LAB42 Talk: Chat with the Data Benchmark – Dr. Juan Sequeda

STARTS AT 13:00
LAB42, L3.35

Chat with the Data Benchmark: Understanding Synergies between Large Language Models and Knowledge Graphs for Enterprise Conversations

Abstract

With the advent of Generative AI and Large Language Models (LLMs), the prospect of conversing with SQL databases has garnered significant attention in the enterprise. However, the accuracy of LLMs in this context remains unclear. Many claim (including us) that the missing link to providing essential enterprise context to LLMs is found in Knowledge Graphs (KGs). This begs the questions: to what extent do Knowledge Graphs increase accuracy?

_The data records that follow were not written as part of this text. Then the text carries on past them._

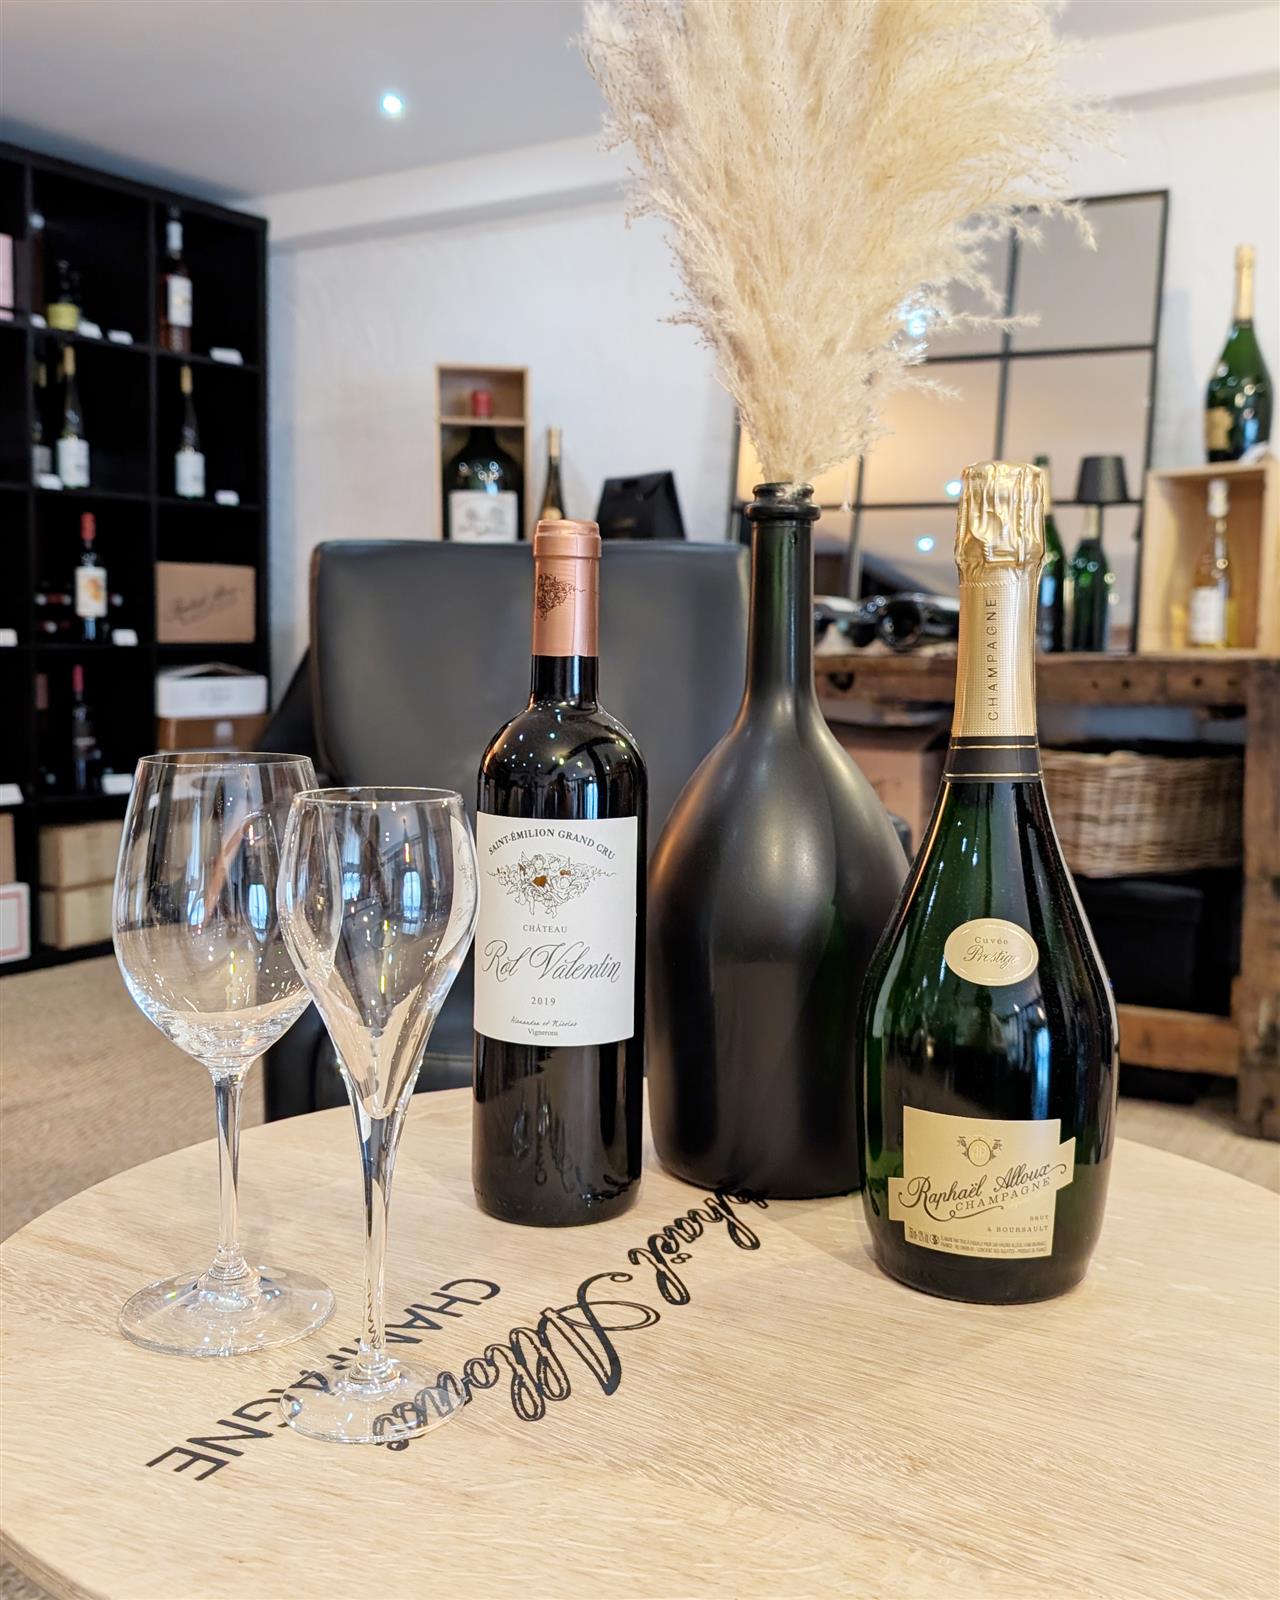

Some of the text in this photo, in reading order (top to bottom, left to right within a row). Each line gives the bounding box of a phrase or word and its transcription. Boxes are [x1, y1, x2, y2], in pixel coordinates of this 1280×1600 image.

[985, 599, 999, 721] CHAMPAGNE
[488, 828, 616, 860] SAINT-ÉMILION GRAND CRU
[522, 923, 568, 934] CHÂTEAU
[974, 936, 1010, 945] Cuvée
[482, 939, 622, 984] Rol Valentin
[963, 944, 1018, 970] Prestige
[531, 996, 556, 1006] 2019
[898, 1163, 1067, 1222] Raphaël Alloux
[955, 1177, 1051, 1212] CHAMPAGNE
[996, 1224, 1049, 1233] BOURSAULT

A comprehensive benchmark is required to understand these capabilities and limitations.

Even though there is a vast amount of question answering and Text-to-SQL benchmarks, we observe that they are disconnected from enterprise settings because they 1) lack enterprise relational schemas, 2) questions ranging on variety of business complexity, and 3) well defined and governed metadata that serves as business context in the form of a knowledge graph.

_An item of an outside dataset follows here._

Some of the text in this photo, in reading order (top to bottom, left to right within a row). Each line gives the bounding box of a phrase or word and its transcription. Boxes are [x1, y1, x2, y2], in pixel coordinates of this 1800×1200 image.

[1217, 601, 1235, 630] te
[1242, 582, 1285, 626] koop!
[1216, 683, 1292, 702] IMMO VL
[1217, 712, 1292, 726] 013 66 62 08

In this talk, we will introduce the Chat with the Data benchmark, which addresses 1) enterprises needs, 2) can be used to assess the accuracy of LLMs to answer natural language questions over enterprise SQL databases and 3) investigates how Knowledge Graphs can enhance accuracy. We will present our ongoing work, share preliminary results and discuss how organizations are adopting the benchmark framework for their internal uses.

Bio

Juan Sequeda is the Principal Scientist and Head of the AI Lab at data.world. He holds a PhD in Computer Science from The University of Texas at Austin. Juan’s research and industry work has been on the intersection of data and AI, with the goal to reliably create knowledge from inscrutable data, specifically designing and building Knowledge Graph for enterprise data and metadata management. Juan is the co-author of the book “Designing and Building Enterprise Knowledge Graph” and the co-host of Catalog and Cocktails, an honest, no-bs, non-salesy data podcast. Juan has researched and developed technology on semantic data virtualization, graph data modeling, schema mapping and data integration methodologies. He pioneered technology to construct knowledge graphs from relational databases, resulting in W3C standards, research awards, patents, software and his startup Capsenta acquired by data.world in 2019. Juan strives to build bridges between academia and industry as former co-chair of the LDBC Property Graph Schema Working Group, member of the LDCB Graph Query Languages task force, standards editor at the World Wide Web Consortium (W3C). Juan continues to be an active member of the scientific community through academic research partnerships, advising students, and member of data and AI scientific conference committees.